[Stored dataset items]
★ ★ ★

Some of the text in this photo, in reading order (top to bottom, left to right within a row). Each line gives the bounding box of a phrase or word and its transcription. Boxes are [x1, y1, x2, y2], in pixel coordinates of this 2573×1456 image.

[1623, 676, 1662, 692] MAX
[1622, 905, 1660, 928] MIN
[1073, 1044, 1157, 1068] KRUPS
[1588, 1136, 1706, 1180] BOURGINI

★ ★ ★

= YOUR GOAL =
Print all of the lines above so that each one matches its original exactly.

= ANSWER FOR THE TASK =
Some of the text in this photo, in reading order (top to bottom, left to right within a row). Each line gives the bounding box of a phrase or word and its transcription. Boxes are [x1, y1, x2, y2], in pixel coordinates of this 2573×1456 image.

[1623, 676, 1662, 692] MAX
[1622, 905, 1660, 928] MIN
[1073, 1044, 1157, 1068] KRUPS
[1588, 1136, 1706, 1180] BOURGINI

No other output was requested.